Besides, there was an understanding concern in those eyes that told Nate that, maybe this time, it was safe to talk about this frankly. Good thing too, he had been stewing in his own mind for hours.
“He was there,” Nate said once he was certain that both of them were settled. “We had a nice long talk. It was so good to hear someone that sounded like home so…”
“Ah, French,” Stephen rolled his eyes. “Dude, most people you find in this part of the states isn’t going to be ready to have a real, in-depth, and competent conversation in French. It’s just the way it is. The accents are all atrocious. I can’t even handle Gary’s attempts at it.”
Well, there was a revelation. Apparently Stephen missed it to some degree as well. Not surprising. Back home the whole neighborhood spoke it. English was something you used outside of the community, at school, with people who weren’t part of that amazingly tightly woven fabric of your life. Perhaps Stephen just found it easier to cut himself off from it rather than long for what he’d left behind. Then again, had Stephen ever really fit in back home? It had been clear really early on that his cousin was an actual artistic genius, not to mention highly intelligent. So asking him to try and fit in with his parent’s expectations that he take over the family store just hadn’t sat right with Stephen. And so here the other man was, far away from home and the sort brotherhood that Nate had easily found in the Marines. Poor guy.

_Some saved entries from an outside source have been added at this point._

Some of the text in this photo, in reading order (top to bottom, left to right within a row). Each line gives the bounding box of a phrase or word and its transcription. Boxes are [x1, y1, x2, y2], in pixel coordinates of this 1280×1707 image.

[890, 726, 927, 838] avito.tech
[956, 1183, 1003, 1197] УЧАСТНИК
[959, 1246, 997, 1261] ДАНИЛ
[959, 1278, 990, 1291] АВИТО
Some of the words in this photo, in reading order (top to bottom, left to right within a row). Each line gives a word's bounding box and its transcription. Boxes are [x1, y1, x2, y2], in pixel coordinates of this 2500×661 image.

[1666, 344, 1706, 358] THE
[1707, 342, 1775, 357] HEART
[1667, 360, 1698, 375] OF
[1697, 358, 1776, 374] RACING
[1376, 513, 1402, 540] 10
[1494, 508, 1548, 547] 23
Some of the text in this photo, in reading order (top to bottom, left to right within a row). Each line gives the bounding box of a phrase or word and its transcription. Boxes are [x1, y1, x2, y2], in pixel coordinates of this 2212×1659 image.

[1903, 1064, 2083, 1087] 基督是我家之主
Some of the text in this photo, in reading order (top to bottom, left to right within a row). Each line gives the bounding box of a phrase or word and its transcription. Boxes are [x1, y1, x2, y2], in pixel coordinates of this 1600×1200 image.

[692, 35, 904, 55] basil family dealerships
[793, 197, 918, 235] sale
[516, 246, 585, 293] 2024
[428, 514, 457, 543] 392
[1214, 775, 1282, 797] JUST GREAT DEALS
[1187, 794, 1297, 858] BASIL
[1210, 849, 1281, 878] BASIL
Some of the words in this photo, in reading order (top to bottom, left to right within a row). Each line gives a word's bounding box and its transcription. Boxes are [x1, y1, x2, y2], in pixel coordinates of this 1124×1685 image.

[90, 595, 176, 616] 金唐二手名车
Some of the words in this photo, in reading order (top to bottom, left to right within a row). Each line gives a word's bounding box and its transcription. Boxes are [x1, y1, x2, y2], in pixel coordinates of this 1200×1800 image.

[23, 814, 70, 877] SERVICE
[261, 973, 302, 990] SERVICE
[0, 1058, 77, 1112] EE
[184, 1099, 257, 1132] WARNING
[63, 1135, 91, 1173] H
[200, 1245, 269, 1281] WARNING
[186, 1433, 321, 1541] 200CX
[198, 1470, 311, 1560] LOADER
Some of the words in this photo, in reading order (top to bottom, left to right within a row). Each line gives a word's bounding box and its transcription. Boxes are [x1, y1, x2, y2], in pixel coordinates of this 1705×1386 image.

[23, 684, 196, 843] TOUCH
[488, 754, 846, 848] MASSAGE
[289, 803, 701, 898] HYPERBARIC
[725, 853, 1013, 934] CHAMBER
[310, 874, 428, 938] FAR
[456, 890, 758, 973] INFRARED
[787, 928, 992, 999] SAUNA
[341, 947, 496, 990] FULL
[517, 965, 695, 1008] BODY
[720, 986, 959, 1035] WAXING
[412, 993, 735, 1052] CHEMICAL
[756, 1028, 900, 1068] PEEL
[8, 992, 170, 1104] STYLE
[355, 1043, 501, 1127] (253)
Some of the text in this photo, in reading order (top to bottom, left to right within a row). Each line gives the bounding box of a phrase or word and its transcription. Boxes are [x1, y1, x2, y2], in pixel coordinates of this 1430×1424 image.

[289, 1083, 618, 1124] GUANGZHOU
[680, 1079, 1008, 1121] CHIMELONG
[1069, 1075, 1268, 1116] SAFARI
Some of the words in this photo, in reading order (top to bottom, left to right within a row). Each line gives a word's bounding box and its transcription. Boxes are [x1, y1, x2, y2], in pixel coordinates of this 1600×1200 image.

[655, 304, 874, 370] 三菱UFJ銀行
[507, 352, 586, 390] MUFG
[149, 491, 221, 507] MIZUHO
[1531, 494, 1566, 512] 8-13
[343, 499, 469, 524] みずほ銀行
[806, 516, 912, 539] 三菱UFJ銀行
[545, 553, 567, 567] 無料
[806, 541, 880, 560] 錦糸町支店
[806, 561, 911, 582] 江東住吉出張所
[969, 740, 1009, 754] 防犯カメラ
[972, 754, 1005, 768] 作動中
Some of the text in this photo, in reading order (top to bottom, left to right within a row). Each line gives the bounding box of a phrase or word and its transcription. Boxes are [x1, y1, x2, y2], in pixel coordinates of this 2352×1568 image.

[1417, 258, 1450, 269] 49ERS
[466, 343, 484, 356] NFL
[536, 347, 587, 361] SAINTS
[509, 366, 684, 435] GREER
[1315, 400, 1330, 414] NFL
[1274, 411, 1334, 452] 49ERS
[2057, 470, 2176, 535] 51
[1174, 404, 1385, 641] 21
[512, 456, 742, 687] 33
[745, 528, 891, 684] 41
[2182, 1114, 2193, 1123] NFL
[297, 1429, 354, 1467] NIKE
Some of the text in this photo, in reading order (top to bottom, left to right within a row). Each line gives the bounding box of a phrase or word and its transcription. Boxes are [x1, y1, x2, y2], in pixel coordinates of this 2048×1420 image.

“Well, this guy speaks it perfectly,” Nate sighed, shaking his head. Maybe his cousin caught something in that, because Nate could see a glimmer of interest in his eyes.
“So what happened?”
“He bolted early,” Nate admitted, and yeah, he could hear his own disappointment in his voice.
“Maybe he found your beanie visually offensive.”
Nate pulled said white and yellow headgear off of his head and flung it at his cousin, sparking an unexpected burst of giggles as Stephen knocked it away.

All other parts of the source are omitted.